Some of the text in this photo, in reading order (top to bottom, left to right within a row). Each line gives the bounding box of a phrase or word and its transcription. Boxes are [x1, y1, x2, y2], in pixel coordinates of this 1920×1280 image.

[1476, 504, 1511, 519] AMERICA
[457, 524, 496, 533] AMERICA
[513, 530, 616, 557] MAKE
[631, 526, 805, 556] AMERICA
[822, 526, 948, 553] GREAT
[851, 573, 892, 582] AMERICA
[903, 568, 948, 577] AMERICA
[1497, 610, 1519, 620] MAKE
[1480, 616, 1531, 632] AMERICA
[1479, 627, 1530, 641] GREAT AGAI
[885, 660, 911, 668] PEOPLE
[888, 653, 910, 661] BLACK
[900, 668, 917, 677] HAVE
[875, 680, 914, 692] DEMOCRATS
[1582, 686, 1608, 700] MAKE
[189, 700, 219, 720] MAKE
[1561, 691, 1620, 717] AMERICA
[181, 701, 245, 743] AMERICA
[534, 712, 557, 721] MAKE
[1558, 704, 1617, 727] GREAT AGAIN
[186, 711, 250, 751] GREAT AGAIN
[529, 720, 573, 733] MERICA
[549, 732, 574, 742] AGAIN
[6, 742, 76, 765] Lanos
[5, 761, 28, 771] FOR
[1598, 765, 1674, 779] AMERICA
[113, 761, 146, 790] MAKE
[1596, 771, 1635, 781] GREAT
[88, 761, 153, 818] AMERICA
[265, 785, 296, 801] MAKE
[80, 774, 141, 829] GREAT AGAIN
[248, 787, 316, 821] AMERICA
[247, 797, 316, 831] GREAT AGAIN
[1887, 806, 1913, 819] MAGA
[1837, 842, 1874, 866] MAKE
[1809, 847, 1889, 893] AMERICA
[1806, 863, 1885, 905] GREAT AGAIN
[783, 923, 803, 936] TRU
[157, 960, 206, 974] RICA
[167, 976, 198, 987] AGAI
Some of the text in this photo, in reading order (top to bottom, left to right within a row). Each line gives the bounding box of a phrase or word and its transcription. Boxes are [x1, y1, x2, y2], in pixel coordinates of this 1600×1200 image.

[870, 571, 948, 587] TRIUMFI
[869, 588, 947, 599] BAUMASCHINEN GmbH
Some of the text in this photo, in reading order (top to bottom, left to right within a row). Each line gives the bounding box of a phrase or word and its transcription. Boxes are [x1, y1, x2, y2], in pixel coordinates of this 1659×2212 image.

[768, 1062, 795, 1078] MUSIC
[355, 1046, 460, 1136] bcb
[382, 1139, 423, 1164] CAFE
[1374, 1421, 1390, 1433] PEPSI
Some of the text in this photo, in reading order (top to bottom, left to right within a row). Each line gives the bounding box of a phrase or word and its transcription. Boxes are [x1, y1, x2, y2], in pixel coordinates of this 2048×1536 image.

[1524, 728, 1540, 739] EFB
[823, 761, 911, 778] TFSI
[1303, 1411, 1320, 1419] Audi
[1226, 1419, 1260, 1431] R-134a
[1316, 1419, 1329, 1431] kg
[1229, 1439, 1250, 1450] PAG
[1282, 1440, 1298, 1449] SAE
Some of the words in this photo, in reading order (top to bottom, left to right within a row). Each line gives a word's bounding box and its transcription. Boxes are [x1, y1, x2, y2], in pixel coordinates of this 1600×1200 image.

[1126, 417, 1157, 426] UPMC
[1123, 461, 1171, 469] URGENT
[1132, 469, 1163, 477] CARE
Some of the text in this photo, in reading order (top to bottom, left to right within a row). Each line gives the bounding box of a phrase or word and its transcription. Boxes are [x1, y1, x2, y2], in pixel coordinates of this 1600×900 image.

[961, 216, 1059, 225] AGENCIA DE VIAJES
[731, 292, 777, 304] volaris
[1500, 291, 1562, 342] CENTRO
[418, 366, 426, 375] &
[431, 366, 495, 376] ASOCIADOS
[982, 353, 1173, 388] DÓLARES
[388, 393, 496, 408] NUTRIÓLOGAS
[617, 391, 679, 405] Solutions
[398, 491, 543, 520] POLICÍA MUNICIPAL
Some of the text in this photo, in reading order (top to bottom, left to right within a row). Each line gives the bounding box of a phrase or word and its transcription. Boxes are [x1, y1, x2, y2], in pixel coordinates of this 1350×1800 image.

• • • •

Would you reproduce the whole listing exactly as it stands?

- _SOLUTION BELOW_:
Some of the text in this photo, in reading order (top to bottom, left to right within a row). Each line gives the bounding box of a phrase or word and its transcription. Boxes are [x1, y1, x2, y2], in pixel coordinates of this 1920×1280 image.

[1476, 504, 1511, 519] AMERICA
[457, 524, 496, 533] AMERICA
[513, 530, 616, 557] MAKE
[631, 526, 805, 556] AMERICA
[822, 526, 948, 553] GREAT
[851, 573, 892, 582] AMERICA
[903, 568, 948, 577] AMERICA
[1497, 610, 1519, 620] MAKE
[1480, 616, 1531, 632] AMERICA
[1479, 627, 1530, 641] GREAT AGAI
[885, 660, 911, 668] PEOPLE
[888, 653, 910, 661] BLACK
[900, 668, 917, 677] HAVE
[875, 680, 914, 692] DEMOCRATS
[1582, 686, 1608, 700] MAKE
[189, 700, 219, 720] MAKE
[1561, 691, 1620, 717] AMERICA
[181, 701, 245, 743] AMERICA
[534, 712, 557, 721] MAKE
[1558, 704, 1617, 727] GREAT AGAIN
[186, 711, 250, 751] GREAT AGAIN
[529, 720, 573, 733] MERICA
[549, 732, 574, 742] AGAIN
[6, 742, 76, 765] Lanos
[5, 761, 28, 771] FOR
[1598, 765, 1674, 779] AMERICA
[113, 761, 146, 790] MAKE
[1596, 771, 1635, 781] GREAT
[88, 761, 153, 818] AMERICA
[265, 785, 296, 801] MAKE
[80, 774, 141, 829] GREAT AGAIN
[248, 787, 316, 821] AMERICA
[247, 797, 316, 831] GREAT AGAIN
[1887, 806, 1913, 819] MAGA
[1837, 842, 1874, 866] MAKE
[1809, 847, 1889, 893] AMERICA
[1806, 863, 1885, 905] GREAT AGAIN
[783, 923, 803, 936] TRU
[157, 960, 206, 974] RICA
[167, 976, 198, 987] AGAI
Some of the text in this photo, in reading order (top to bottom, left to right within a row). Each line gives the bounding box of a phrase or word and its transcription. Boxes are [x1, y1, x2, y2], in pixel coordinates of this 1600×1200 image.

[870, 571, 948, 587] TRIUMFI
[869, 588, 947, 599] BAUMASCHINEN GmbH
Some of the text in this photo, in reading order (top to bottom, left to right within a row). Each line gives the bounding box of a phrase or word and its transcription. Boxes are [x1, y1, x2, y2], in pixel coordinates of this 1659×2212 image.

[768, 1062, 795, 1078] MUSIC
[355, 1046, 460, 1136] bcb
[382, 1139, 423, 1164] CAFE
[1374, 1421, 1390, 1433] PEPSI
Some of the text in this photo, in reading order (top to bottom, left to right within a row). Each line gives the bounding box of a phrase or word and its transcription. Boxes are [x1, y1, x2, y2], in pixel coordinates of this 2048×1536 image.

[1524, 728, 1540, 739] EFB
[823, 761, 911, 778] TFSI
[1303, 1411, 1320, 1419] Audi
[1226, 1419, 1260, 1431] R-134a
[1316, 1419, 1329, 1431] kg
[1229, 1439, 1250, 1450] PAG
[1282, 1440, 1298, 1449] SAE
Some of the words in this photo, in reading order (top to bottom, left to right within a row). Each line gives a word's bounding box and its transcription. Boxes are [x1, y1, x2, y2], in pixel coordinates of this 1600×1200 image.

[1126, 417, 1157, 426] UPMC
[1123, 461, 1171, 469] URGENT
[1132, 469, 1163, 477] CARE
Some of the text in this photo, in reading order (top to bottom, left to right within a row). Each line gives the bounding box of a phrase or word and its transcription. Boxes are [x1, y1, x2, y2], in pixel coordinates of this 1600×900 image.

[961, 216, 1059, 225] AGENCIA DE VIAJES
[731, 292, 777, 304] volaris
[1500, 291, 1562, 342] CENTRO
[418, 366, 426, 375] &
[431, 366, 495, 376] ASOCIADOS
[982, 353, 1173, 388] DÓLARES
[388, 393, 496, 408] NUTRIÓLOGAS
[617, 391, 679, 405] Solutions
[398, 491, 543, 520] POLICÍA MUNICIPAL
Some of the text in this photo, in reading order (top to bottom, left to right within a row). Each line gives the bounding box of a phrase or word and its transcription. Boxes are [x1, y1, x2, y2], in pixel coordinates of this 1350×1800 image.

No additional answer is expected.